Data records
• • • • •
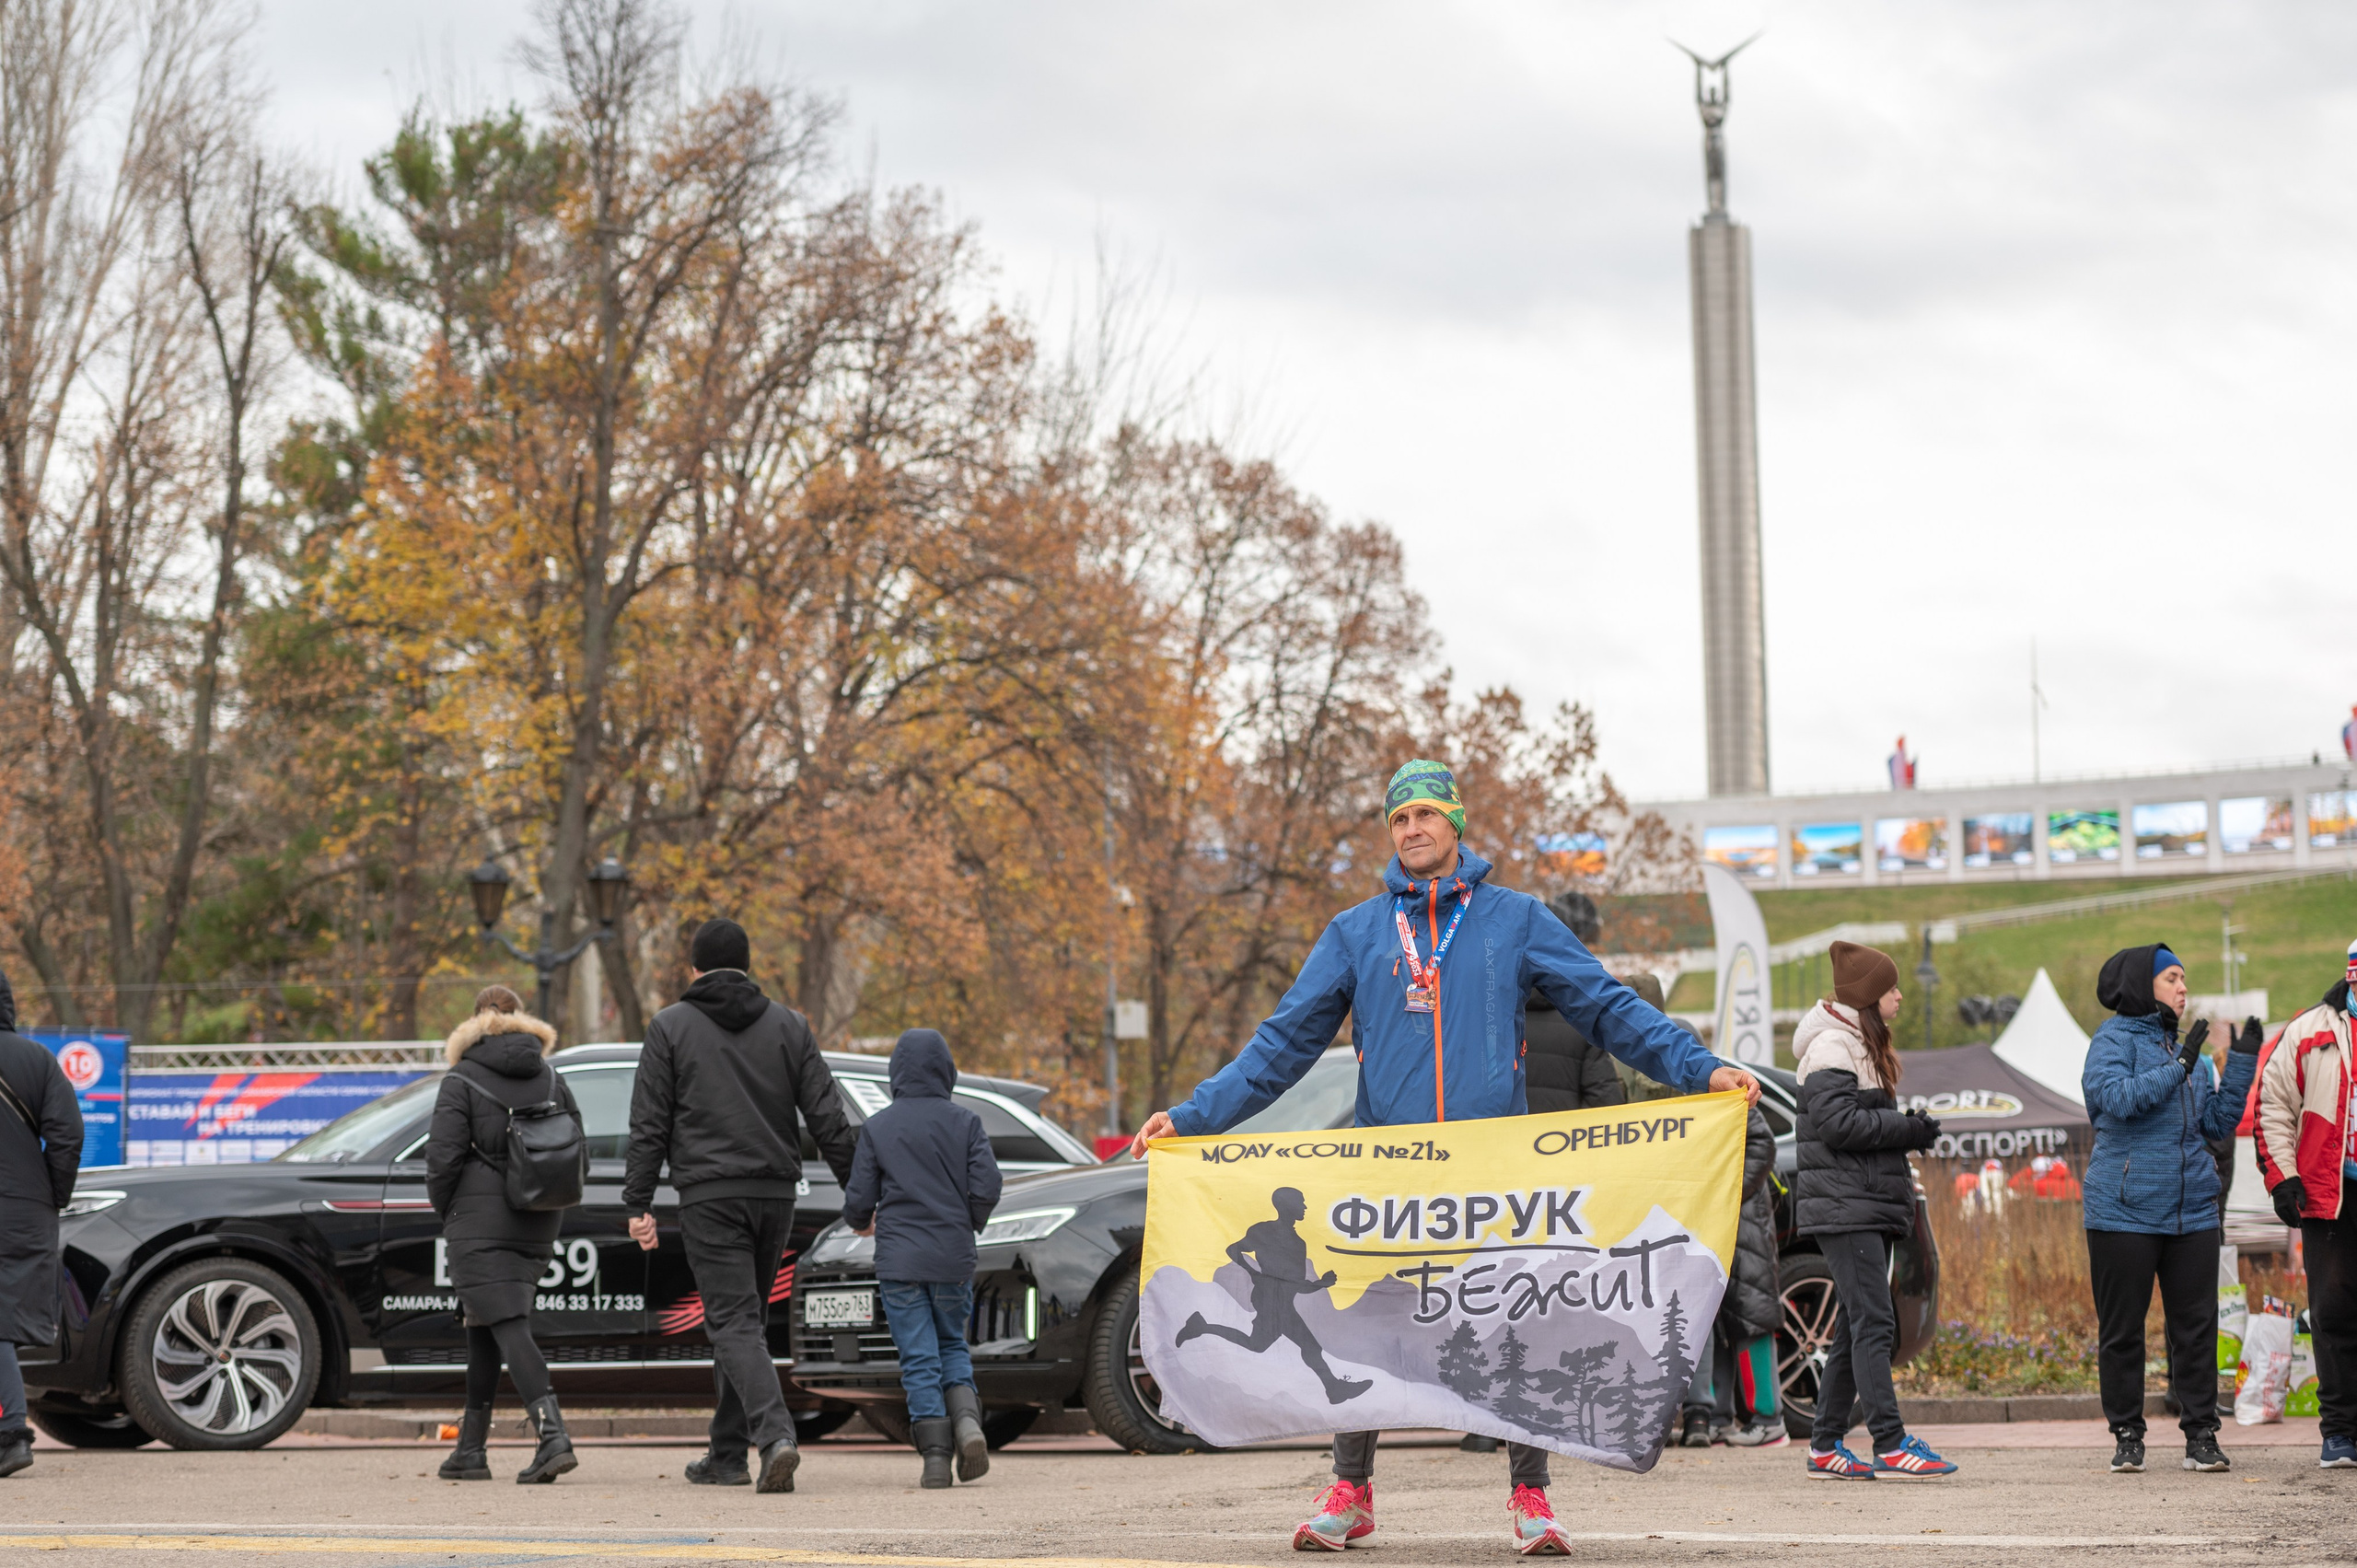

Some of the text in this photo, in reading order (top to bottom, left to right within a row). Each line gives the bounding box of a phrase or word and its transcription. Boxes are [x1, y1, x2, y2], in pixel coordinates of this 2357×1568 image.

[1483, 937, 1496, 1024] SAXIFRAGA
[68, 1054, 92, 1074] 10
[128, 1102, 195, 1120] СТАВАЙ
[198, 1105, 212, 1120] И
[214, 1104, 258, 1120] БЕГИ
[198, 1119, 331, 1135] НА ТРЕНИРОВК
[1533, 1117, 1695, 1156] ОРЕНБУРГ
[1201, 1143, 1274, 1165] МОАУ
[1928, 1128, 2069, 1158] ОСПОРТ!»
[1331, 1190, 1584, 1240] ФИЗРУК
[382, 1294, 644, 1311] САМАРА-М 846 33 17 333
• • • • •
INSTRUCTIONS FOR THE TASK =
No pictures belong in the copy; output every record exactly.

FINISHED TASK =
Some of the text in this photo, in reading order (top to bottom, left to right within a row). Each line gives the bounding box of a phrase or word and its transcription. Boxes are [x1, y1, x2, y2], in pixel coordinates of this 2357×1568 image.

[1483, 937, 1496, 1024] SAXIFRAGA
[68, 1054, 92, 1074] 10
[128, 1102, 195, 1120] СТАВАЙ
[198, 1105, 212, 1120] И
[214, 1104, 258, 1120] БЕГИ
[198, 1119, 331, 1135] НА ТРЕНИРОВК
[1533, 1117, 1695, 1156] ОРЕНБУРГ
[1201, 1143, 1274, 1165] МОАУ
[1928, 1128, 2069, 1158] ОСПОРТ!»
[1331, 1190, 1584, 1240] ФИЗРУК
[382, 1294, 644, 1311] САМАРА-М 846 33 17 333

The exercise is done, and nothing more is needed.